O Brasil perdeu. E, como acontece frequentemente no futebol, a derrota veio acompanhada de uma onda imediata de julgamentos, críticas e análises definitivas sobre o desempenho da seleção.
Frases como “a seleção não jogou nada”, “os jogadores são ruins” ou “faltou o Neymar” rapidamente ganharam espaço nas conversas e nas redes sociais. Mas, por trás da reação emocional ao resultado, fica uma pergunta importante: até que ponto estamos conseguindo olhar para além do placar?
O futebol profissional é construído sobre cobrança constante. Cada jogador que veste a camisa da seleção carrega uma trajetória longa, marcada por anos de treino, renúncias pessoais, pressão psicológica e uma expectativa coletiva que poucas profissões exigem com tanta intensidade.
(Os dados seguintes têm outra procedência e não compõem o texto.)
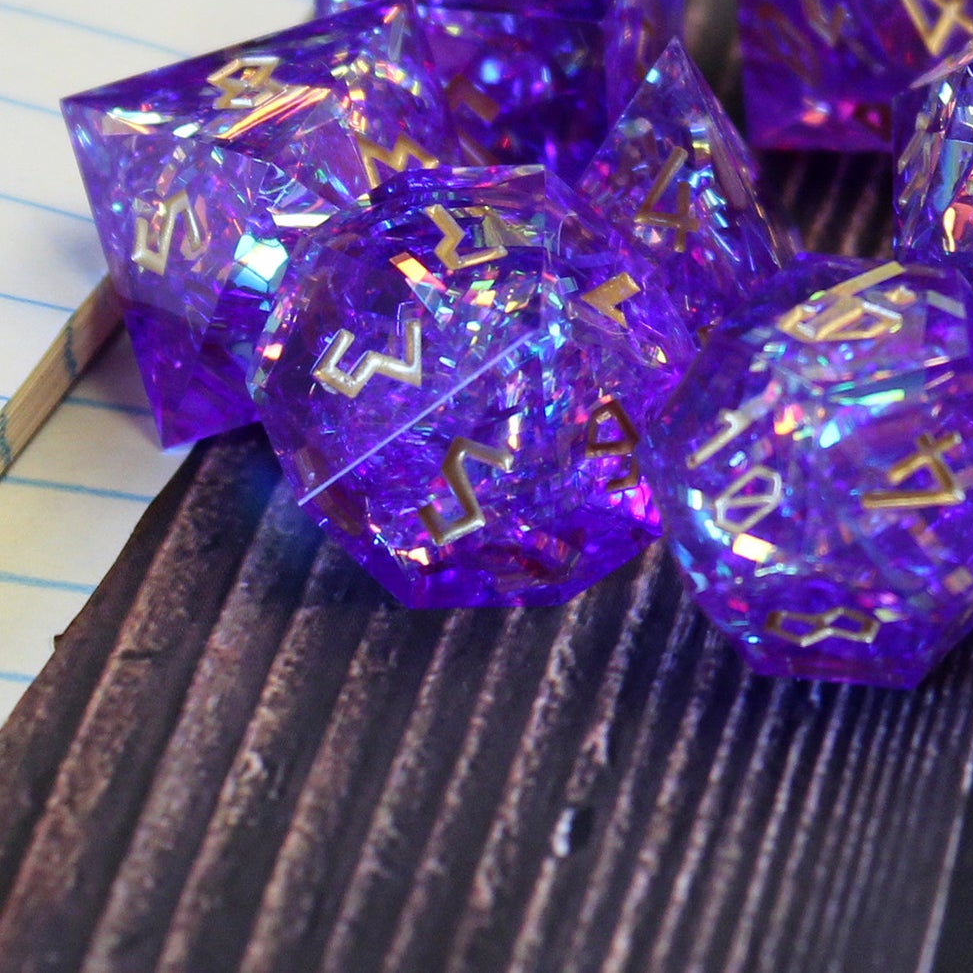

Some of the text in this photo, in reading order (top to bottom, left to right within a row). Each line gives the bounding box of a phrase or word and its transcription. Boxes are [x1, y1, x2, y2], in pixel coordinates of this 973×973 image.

[206, 55, 287, 110] 8
[633, 145, 700, 254] 4
[312, 319, 422, 399] 3
[861, 432, 966, 510] 4
[766, 606, 881, 648] 8
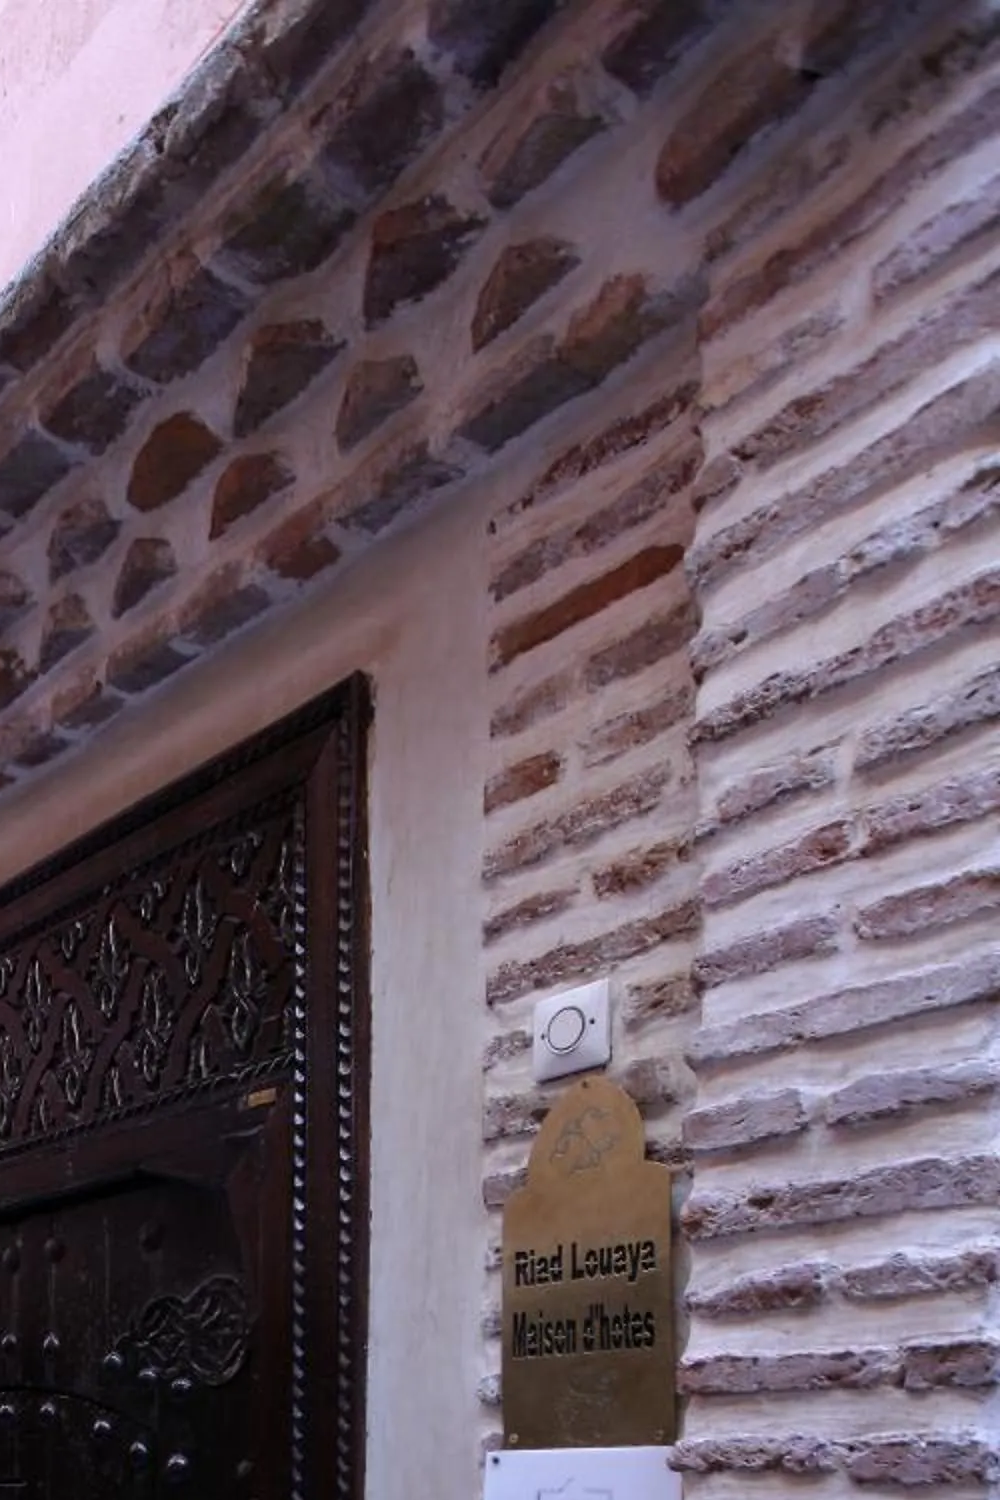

Dentro de campo, porém, não existem garantias. A preparação pode ser impecável, o esforço pode ser máximo, e ainda assim o resultado não vir. Nesta partida, o Brasil lutou até o fim, mas não conseguiu converter sua atuação em vitória. Também é necessário reconhecer o mérito do adversário, que soube executar sua estratégia e conquistar o resultado.
O problema é que, muitas vezes, a avaliação do futebol se torna refém do placar. Se há vitória, surgem elogios e exaltações; se há derrota, o tom muda completamente e tudo passa a ser questionado, como se o desempenho anterior deixasse de existir.
Esse movimento não é exclusivo do esporte. Ele também reflete uma forma mais ampla de lidar com frustrações no cotidiano. No trabalho, na vida pessoal e em diferentes projetos, o esforço nem sempre se traduz em resultado imediato — e isso não elimina o valor do processo.
No caso da seleção, a derrota não apaga o trabalho realizado, nem transforma automaticamente os atletas em personagens incapazes. O futebol segue sendo um jogo de incertezas, onde detalhes definem desfechos e onde a margem entre vitória e derrota é, muitas vezes, mínima.
A seleção continua sendo brasileira. A torcida continua acompanhando. E o ciclo do esporte segue, com novas oportunidades, novos desafios e novas cobranças.
No fim, mais do que análises apressadas ou julgamentos absolutos, fica um convite à reflexão: que a crítica não elimine a empatia. Antes de serem atletas, são pessoas lidando com a pressão de representar um país inteiro a cada partida.